LJ: I’m working with various live sampling and effects machines which I control by foot pedals placed between the drums, primarily in a coloristic way, not to sample groovy loops. I’m very concerned with the timbres and possible sound qualities of the kit, and I’ve developed a large acoustic spectrum of colors – skins, wood, stone, metal and plastic. But basically I’m a musician who likes to swing. Whether the playing is in 4/4 or completely abstract, my coherence and propulsion strengthens the natural logic of the music.

TR: Benoit, how did you and your engineer Etienne Bultingaire go about the multi-channel mix? Did you discover anything different in the music than you did in the stereo mix?

BD: We started with the multi-channel mix, and of course had a lot of happy moments discovering details in the music, in particular in Steve’s live-remixing ear attitude – so the mix made them sometimes more fair in term of balance, timbre and, primarily, geography. We mixed the multi-channel for the listener to be standing on the stage with us, sharing the acoustical thrust experience.

TR: What do any of you see as the relationship (if any) of this project to others you’ve been involved in for a long time, such as Supersilent, Ambitronix and PianoBook?
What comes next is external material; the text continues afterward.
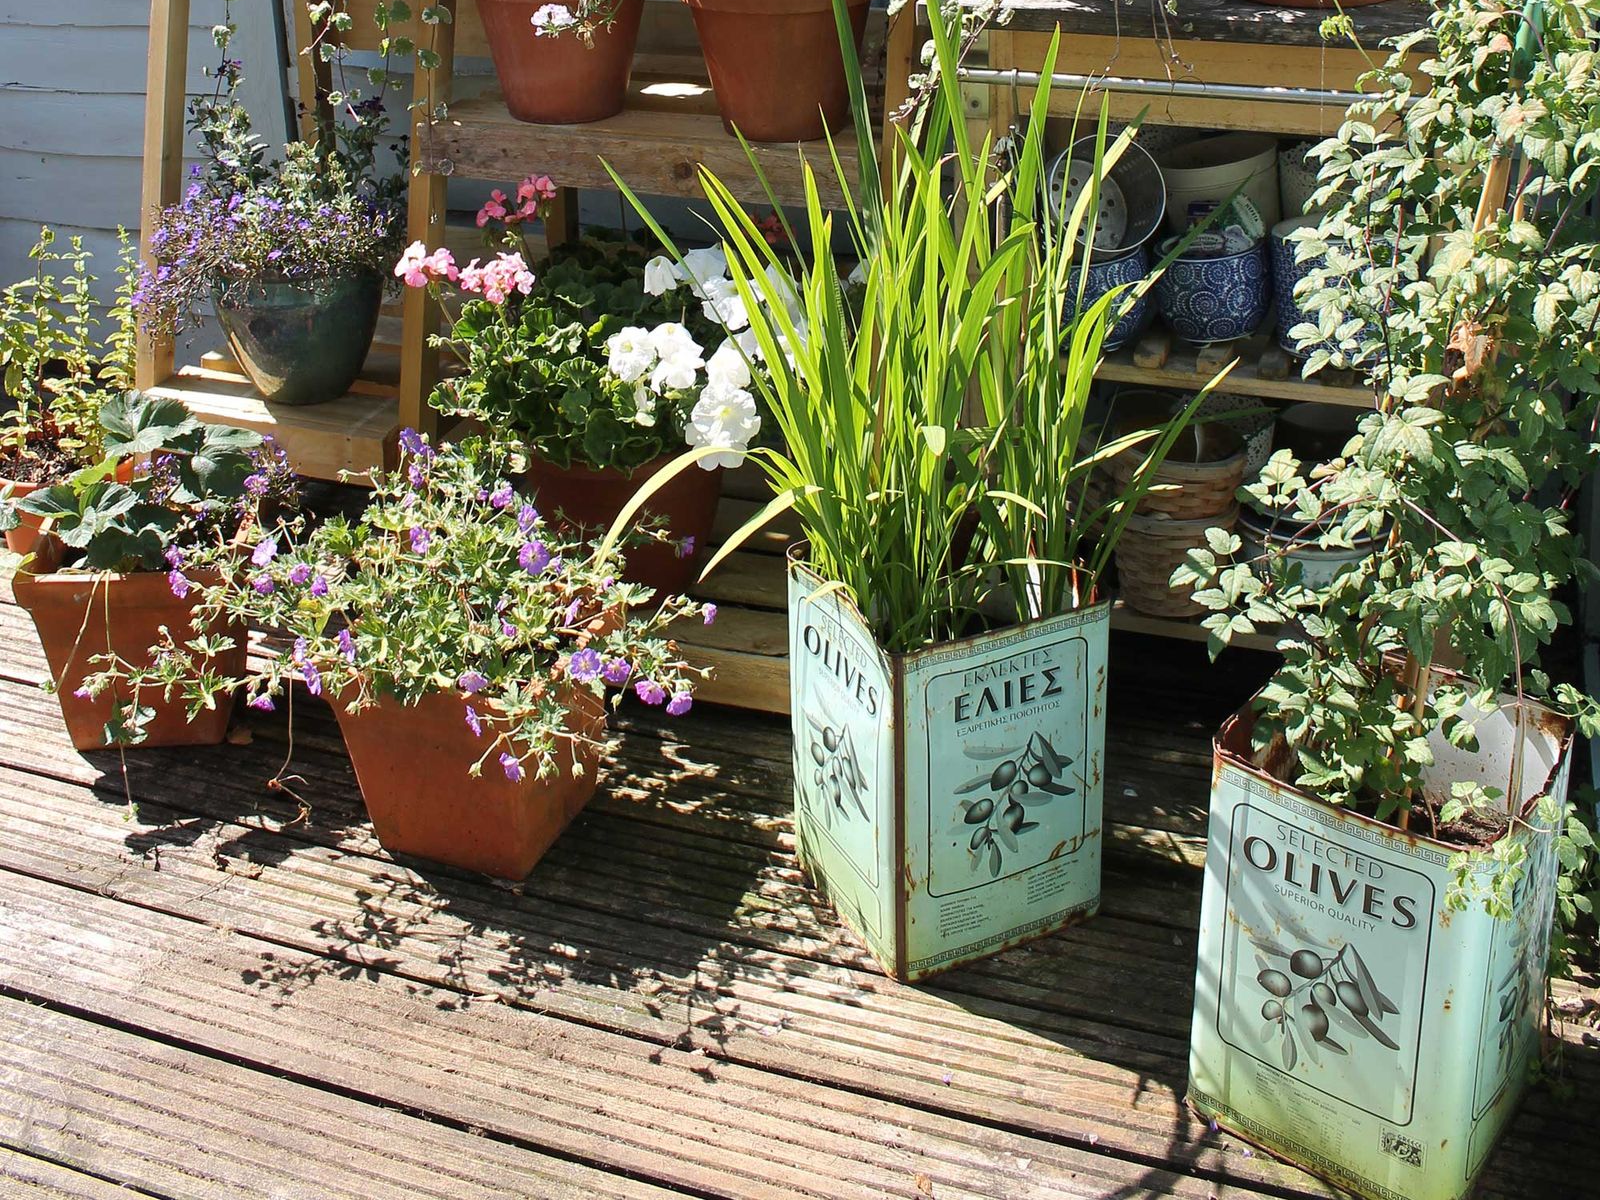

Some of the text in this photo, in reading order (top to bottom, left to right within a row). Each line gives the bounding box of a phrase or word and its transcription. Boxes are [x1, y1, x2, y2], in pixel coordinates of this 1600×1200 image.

BD: It belongs to the same family of projects, except that, as I said earlier, I consider the music of Poolplayers to be the one for this particular band, and it’s a very precious feeling to realize this band has a rare thing. I think you have to look at quite a wide range of works if you want to consider my work as a whole. It can appear to be spread out in many directions – but my one and only direction is to find the right people and find the right music to play together. It takes a lot of thinking for the playing to get oriented in the direction of this or that project. But once you have the feeling that you’re close to your dream, well it’s a very happy feeling that can be heard in the essence of the music. This is how I proceed and I tend to think I’ll continue this direction in the future.

AH: There’s a relationship in the approach to making free improvised music in the open meaning of it, not free jazz because that is not always as free as it should be.

LJ: It’s a continuation and further growth of my work, which began with the bands Sound of Choice and Takuan back in the beginning of the ’90s.

SA: I think of it as part of the extended family of PianoBook; for me it’s the same process involved only there are the added voices of Lars and Arve.

TR: What’s the next step for Poolplayers?

SA: The next step for sure is to play live and figure out what it is we’ve created. New ideas, fine tunings are only going to happen from our get-togethers – there’s not much to be gained from individual improvements, it’s a collective effort. A lot will be determined by how the record is received by listeners – what’s the next step in general for music? it’s not clear, lots of possibilities, I hope we’ll be part of them.

BD: We’re getting some gig offers, a European and North American tour would be great – we’re looking forward to perform, and I’m sure the record will provoke attention from organizers around the world.

AH: Play more concerts and get more together musically to find and be able to create moments in music that are interesting for us and those who are listening.

LJ: And after a year or two a new recording for Songlines.